The conflict, which broke out thousands of miles away, erupted in outbreaks throughout New York. Men carrying Israeli flags got into a fight with people chanting “Free Palestine” in Bay Ridge on Wednesday, police said. A few hours later, a similar fight took place in Williamsburg.
“It's lonely here in America”
Tensions continued to rise throughout the week ahead of a planned pro-Palestinian demonstration in Times Square on Friday, following a call by a former Hamas leader for a “day of jihad.”
Demonstrations in support of Palestinians were peaceful Friday, however, with hundreds of demonstrators gathering in Midtown and marching east along 42nd Street to the Israeli consulate on Second Avenue. Protesters wearing traditional keffiyeh headscarves and carrying Palestinian flags chanted “Free Palestine,” demanding an end to the Israeli blockade of the Gaza Strip.
The rally was attended by people from different generations, some New Yorkers with no personal ties to the region, and many Palestinians living in the city's environs.

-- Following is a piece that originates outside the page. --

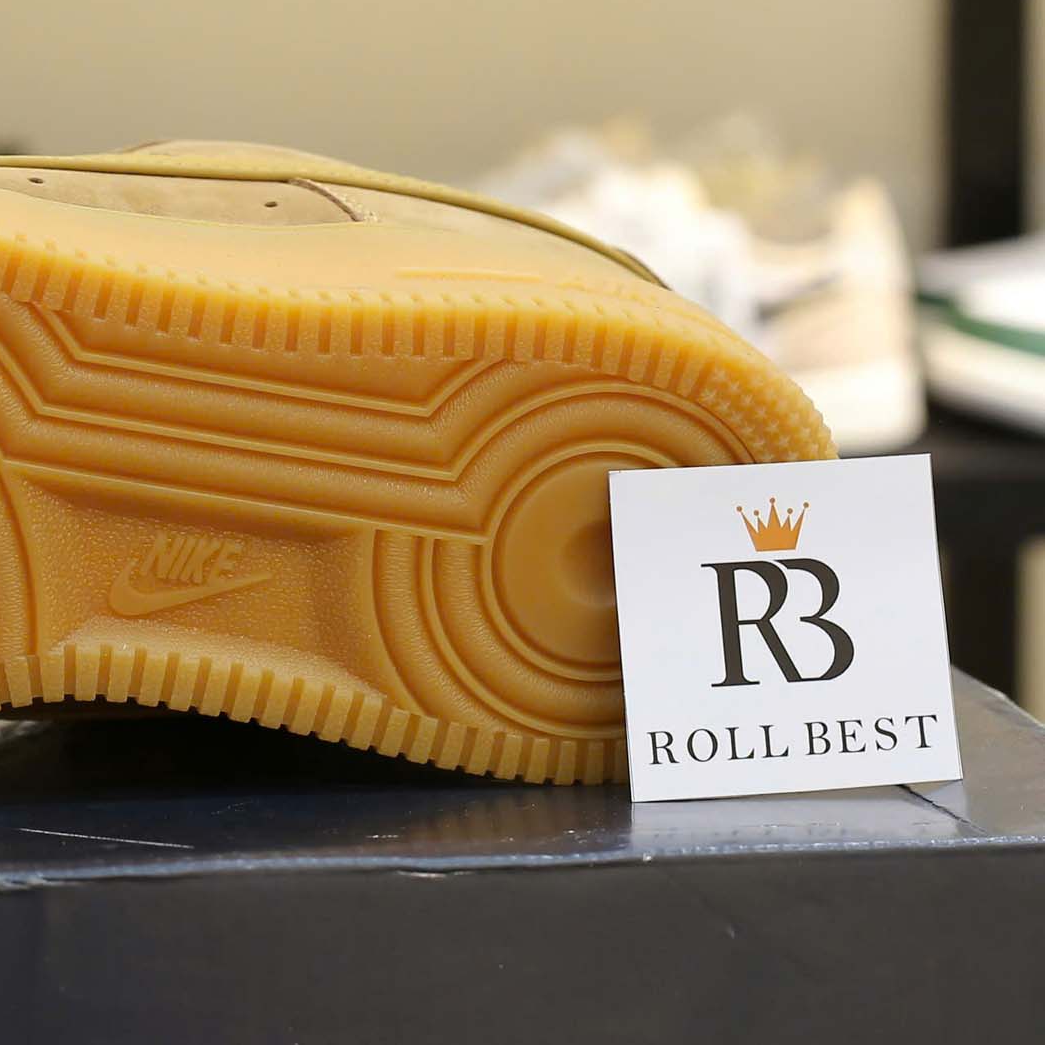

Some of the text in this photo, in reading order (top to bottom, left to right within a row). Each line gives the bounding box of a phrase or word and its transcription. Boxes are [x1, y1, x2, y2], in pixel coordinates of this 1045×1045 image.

[139, 530, 242, 584] NIKE
[647, 714, 938, 765] ROLL BEST

Nisreen Mahmood, 24, who lives in Yonkers, said she has felt let down by local leaders over the past few days.
“It makes me feel very alone here in America,” she said. - We live here. But they don’t protect us in any way.”
She spoke to her cousins, uncles and aunts in Jenin in the West Bank, who told her they had no electricity or water and were allegedly told to stay home and prepare for three months of isolation.
“We are New Yorkers too.”
New Yorkers with Palestinian roots are disappointed with the actions of local leaders.
Over the past week, Mayor Eric Adams spoke at a “New York for Israel” rally, met with Jewish educational leaders and spoke at a Shabbat dinner. During the week of conflict, the mayor did not make a single such visit to the Palestinians of New York, at least not publicly.
Local activist Zein Rimawi says he feels, listening to New York leaders, a double standard in which “the lives of Israelis are valued more than the lives of Palestinians.”
“We are New Yorkers too. We live here,” he says indignantly.